__WORK TO COMPLETE__:
Output each record below exactly as it stands, leaving out the pictures.

=== Section Start ===

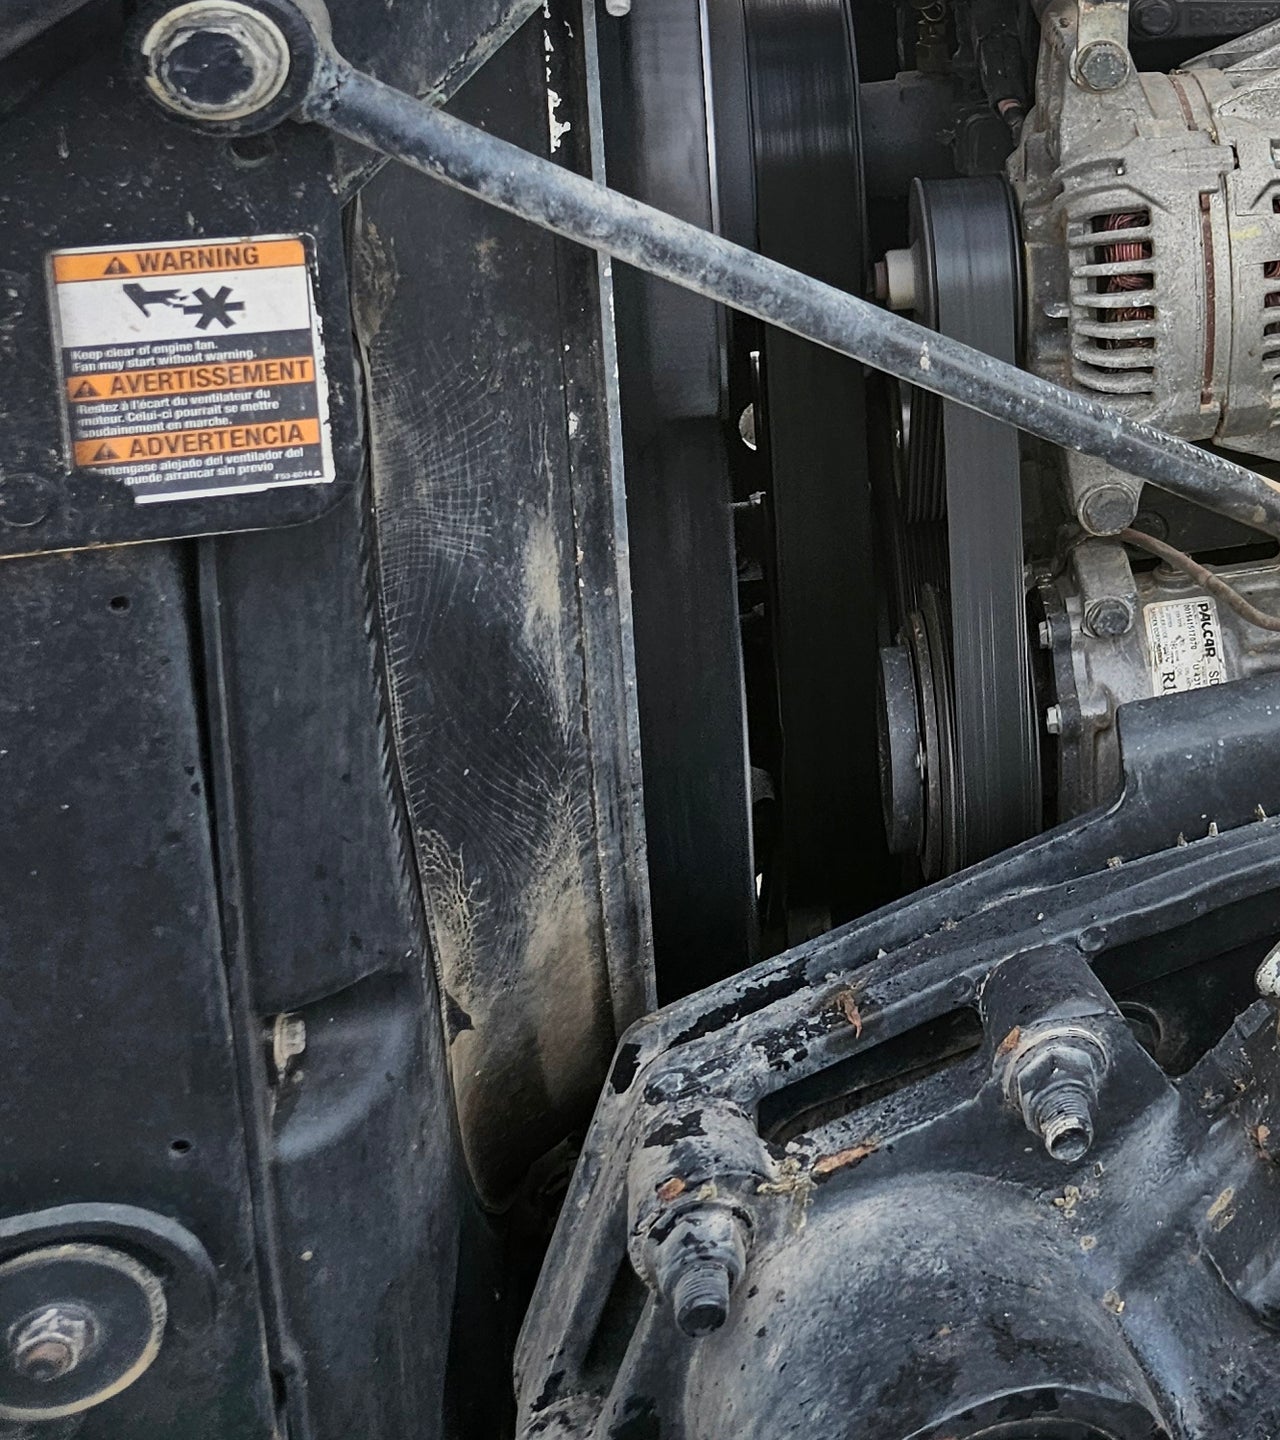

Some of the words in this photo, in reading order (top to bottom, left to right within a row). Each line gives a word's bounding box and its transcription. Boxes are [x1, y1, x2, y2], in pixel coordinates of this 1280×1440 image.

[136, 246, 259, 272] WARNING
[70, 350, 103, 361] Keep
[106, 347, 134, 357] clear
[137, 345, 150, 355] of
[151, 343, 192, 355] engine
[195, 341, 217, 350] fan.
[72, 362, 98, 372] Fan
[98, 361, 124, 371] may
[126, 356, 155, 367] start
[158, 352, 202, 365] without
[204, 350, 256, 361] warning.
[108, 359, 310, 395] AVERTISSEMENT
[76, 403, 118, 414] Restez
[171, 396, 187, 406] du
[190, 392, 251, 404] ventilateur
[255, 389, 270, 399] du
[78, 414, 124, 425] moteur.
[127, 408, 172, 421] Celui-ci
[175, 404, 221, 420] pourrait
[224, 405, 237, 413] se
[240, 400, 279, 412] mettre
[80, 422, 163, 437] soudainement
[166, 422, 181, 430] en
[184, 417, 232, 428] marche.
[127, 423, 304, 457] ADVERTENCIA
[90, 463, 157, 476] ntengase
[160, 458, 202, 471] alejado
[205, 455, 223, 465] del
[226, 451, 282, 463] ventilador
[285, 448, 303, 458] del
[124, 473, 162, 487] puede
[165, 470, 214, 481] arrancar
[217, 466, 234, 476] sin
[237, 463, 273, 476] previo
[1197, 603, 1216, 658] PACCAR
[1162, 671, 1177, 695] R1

=== Section End ===

__RESULT OF THE EXERCISE__:
Some of the words in this photo, in reading order (top to bottom, left to right within a row). Each line gives a word's bounding box and its transcription. Boxes are [x1, y1, x2, y2], in pixel coordinates of this 1280×1440 image.

[136, 246, 259, 272] WARNING
[70, 350, 103, 361] Keep
[106, 347, 134, 357] clear
[137, 345, 150, 355] of
[151, 343, 192, 355] engine
[195, 341, 217, 350] fan.
[72, 362, 98, 372] Fan
[98, 361, 124, 371] may
[126, 356, 155, 367] start
[158, 352, 202, 365] without
[204, 350, 256, 361] warning.
[108, 359, 310, 395] AVERTISSEMENT
[76, 403, 118, 414] Restez
[171, 396, 187, 406] du
[190, 392, 251, 404] ventilateur
[255, 389, 270, 399] du
[78, 414, 124, 425] moteur.
[127, 408, 172, 421] Celui-ci
[175, 404, 221, 420] pourrait
[224, 405, 237, 413] se
[240, 400, 279, 412] mettre
[80, 422, 163, 437] soudainement
[166, 422, 181, 430] en
[184, 417, 232, 428] marche.
[127, 423, 304, 457] ADVERTENCIA
[90, 463, 157, 476] ntengase
[160, 458, 202, 471] alejado
[205, 455, 223, 465] del
[226, 451, 282, 463] ventilador
[285, 448, 303, 458] del
[124, 473, 162, 487] puede
[165, 470, 214, 481] arrancar
[217, 466, 234, 476] sin
[237, 463, 273, 476] previo
[1197, 603, 1216, 658] PACCAR
[1162, 671, 1177, 695] R1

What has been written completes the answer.